● SUPPLIED ENTRIES

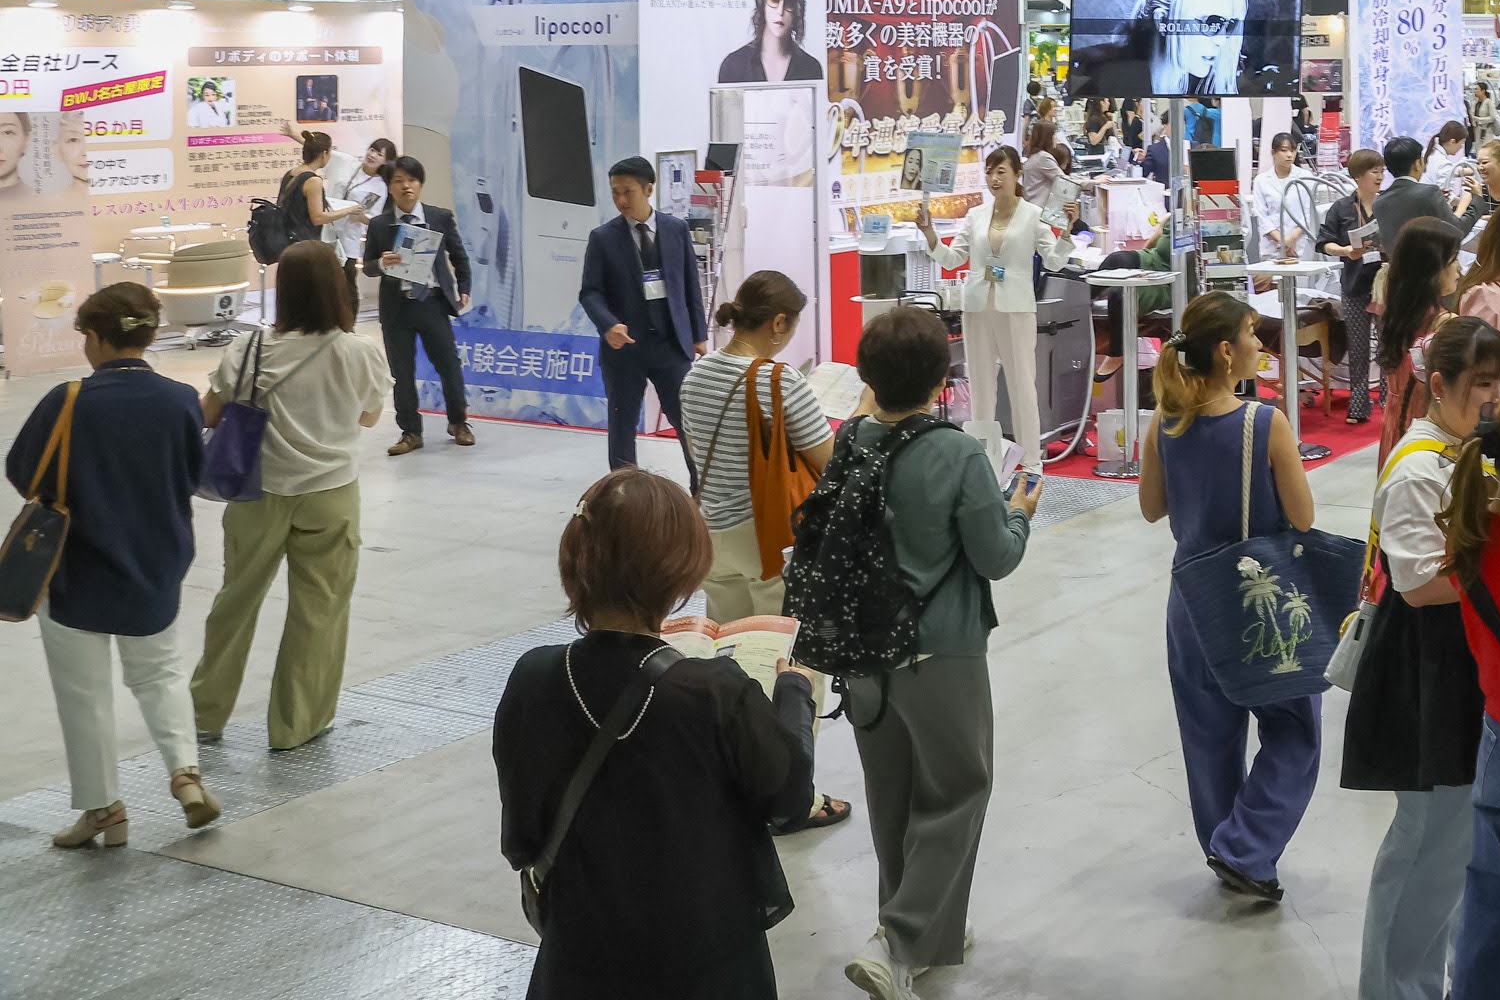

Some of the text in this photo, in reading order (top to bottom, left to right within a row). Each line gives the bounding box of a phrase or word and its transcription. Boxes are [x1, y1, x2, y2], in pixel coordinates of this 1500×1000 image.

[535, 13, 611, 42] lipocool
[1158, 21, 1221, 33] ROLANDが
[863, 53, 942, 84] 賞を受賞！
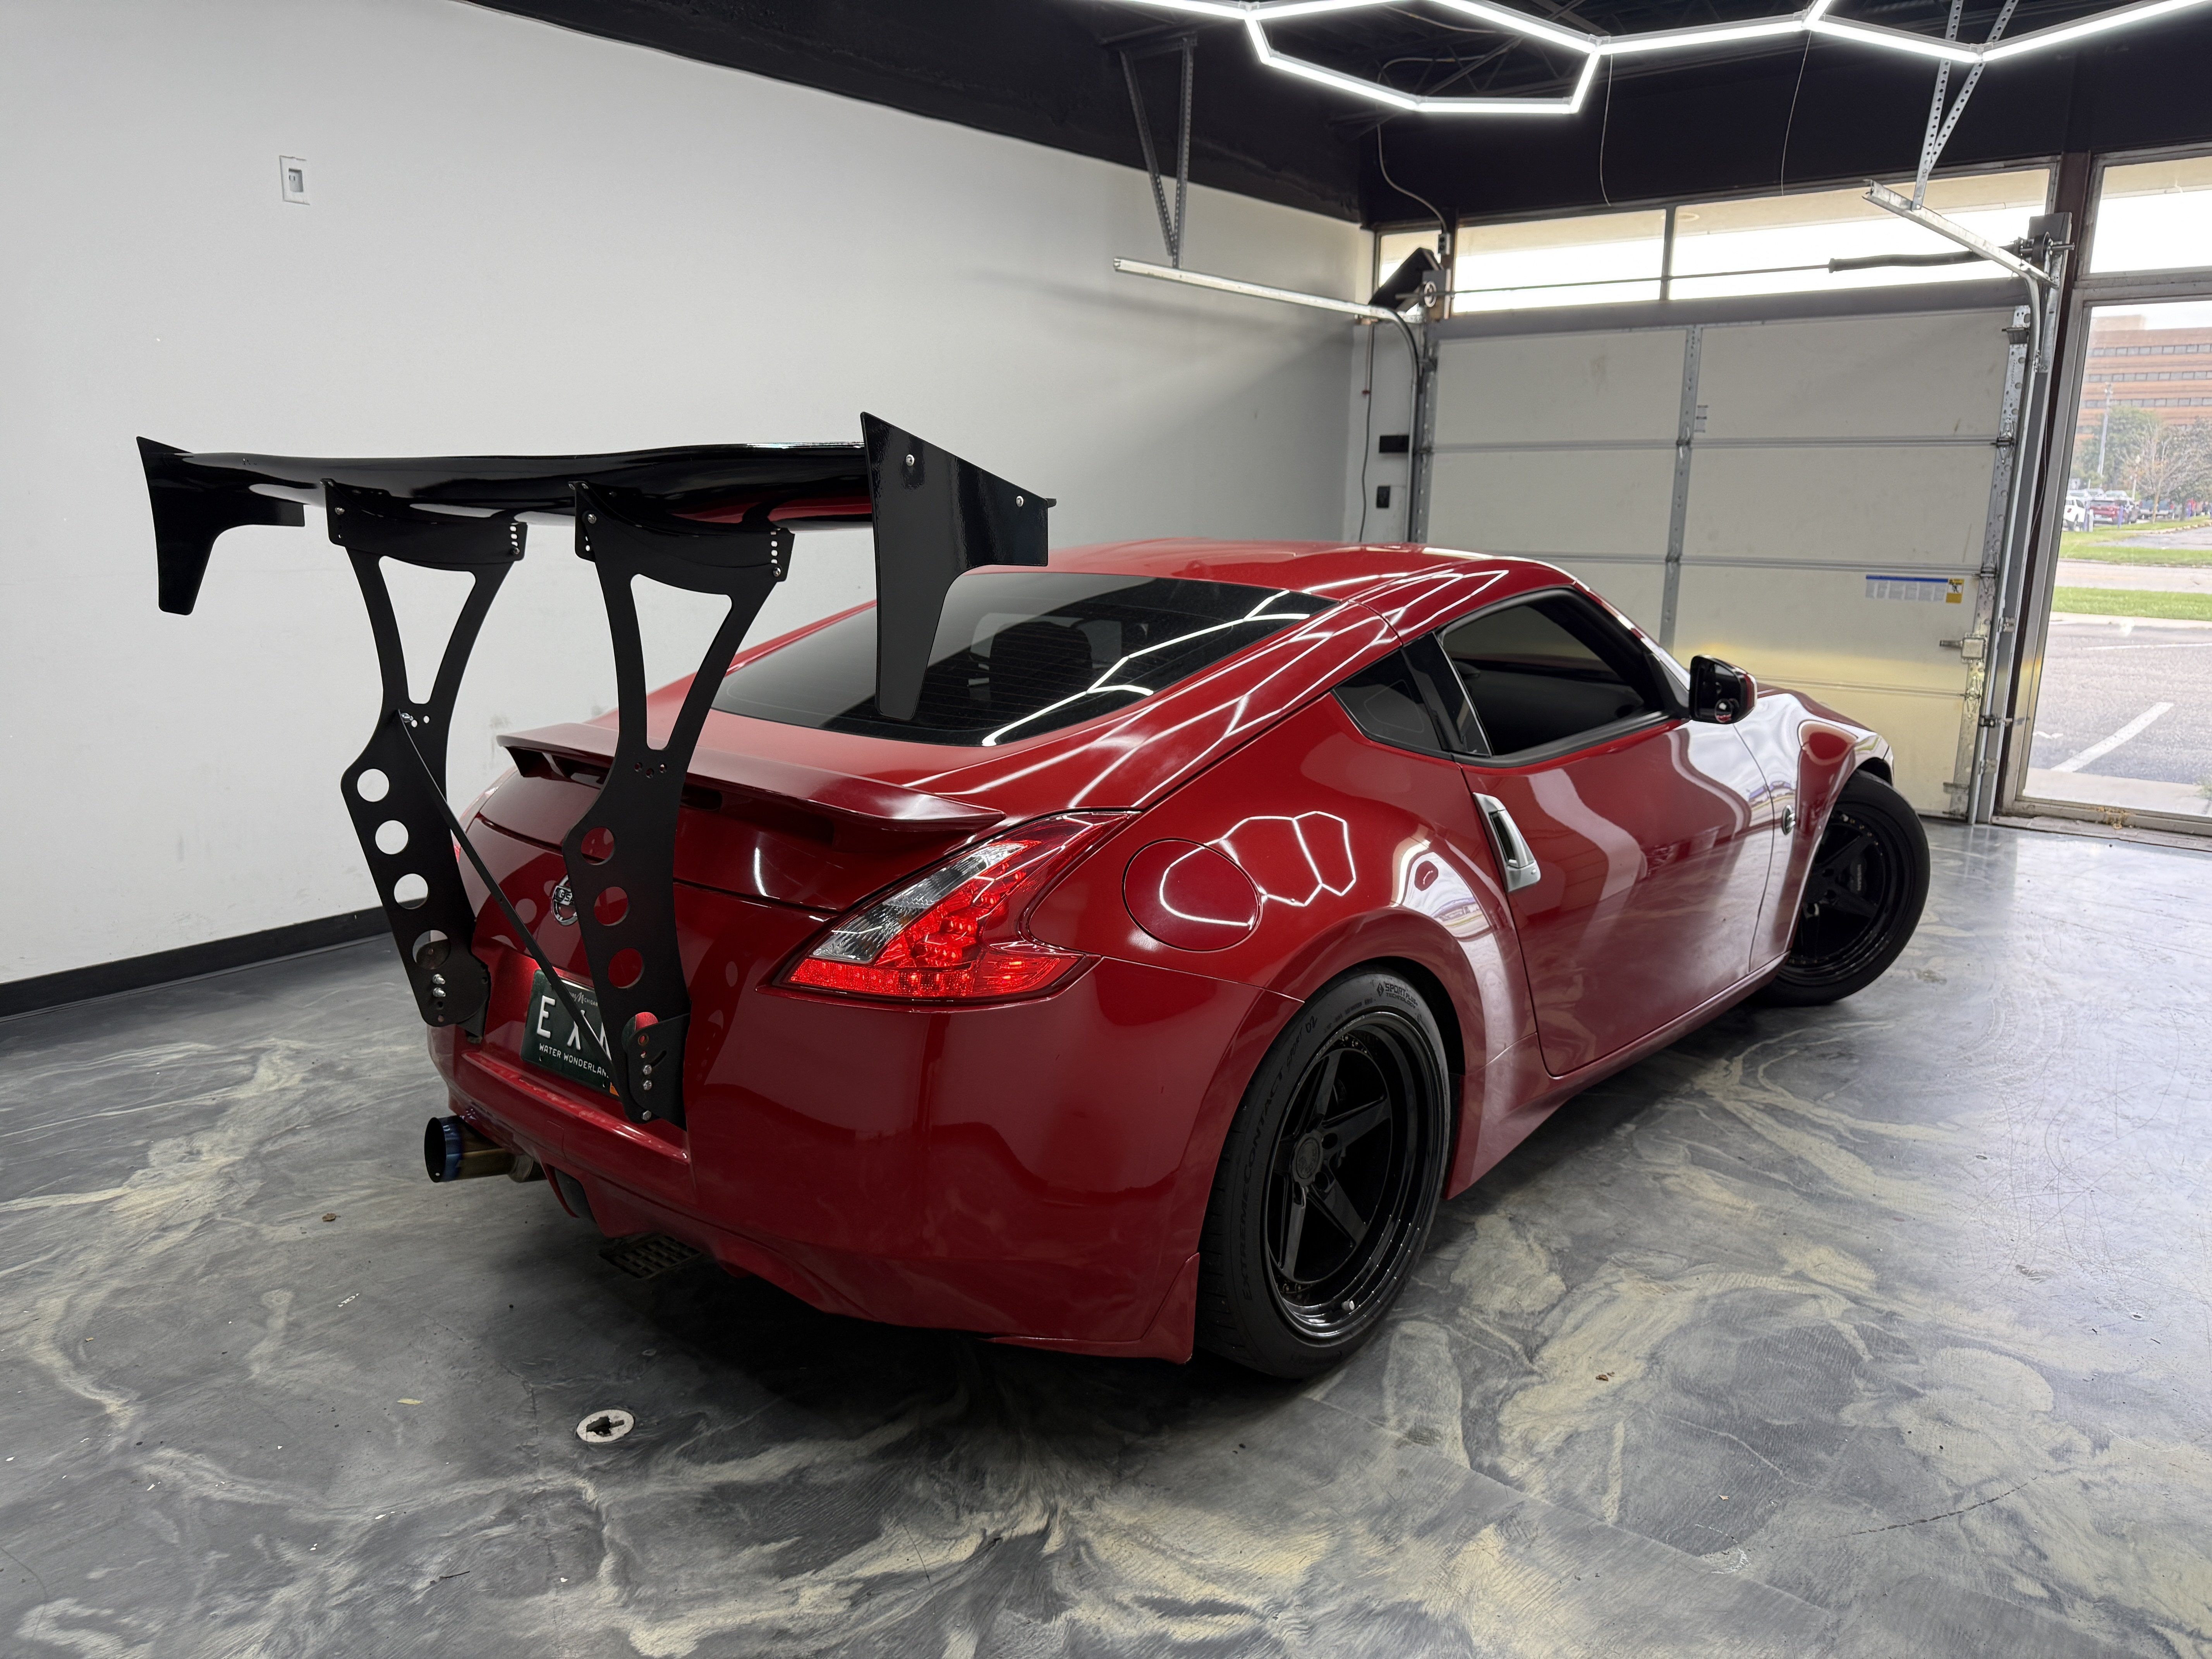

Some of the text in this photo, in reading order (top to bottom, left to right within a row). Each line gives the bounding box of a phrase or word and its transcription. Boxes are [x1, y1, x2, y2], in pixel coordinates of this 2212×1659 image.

● PROBLEM DESCRIPTION
Retype the data word for word and keep the pictures out of it.

● EXERCISE RESULT
Some of the text in this photo, in reading order (top to bottom, left to right within a row). Each line gives the bounding box of a phrase or word and its transcription. Boxes are [x1, y1, x2, y2], in pixel coordinates of this 1500×1000 image.

[535, 13, 611, 42] lipocool
[1158, 21, 1221, 33] ROLANDが
[863, 53, 942, 84] 賞を受賞！

Some of the text in this photo, in reading order (top to bottom, left to right within a row). Each line gives the bounding box of a phrase or word and its transcription. Boxes are [x1, y1, x2, y2], in pixel coordinates of this 2212×1659 image.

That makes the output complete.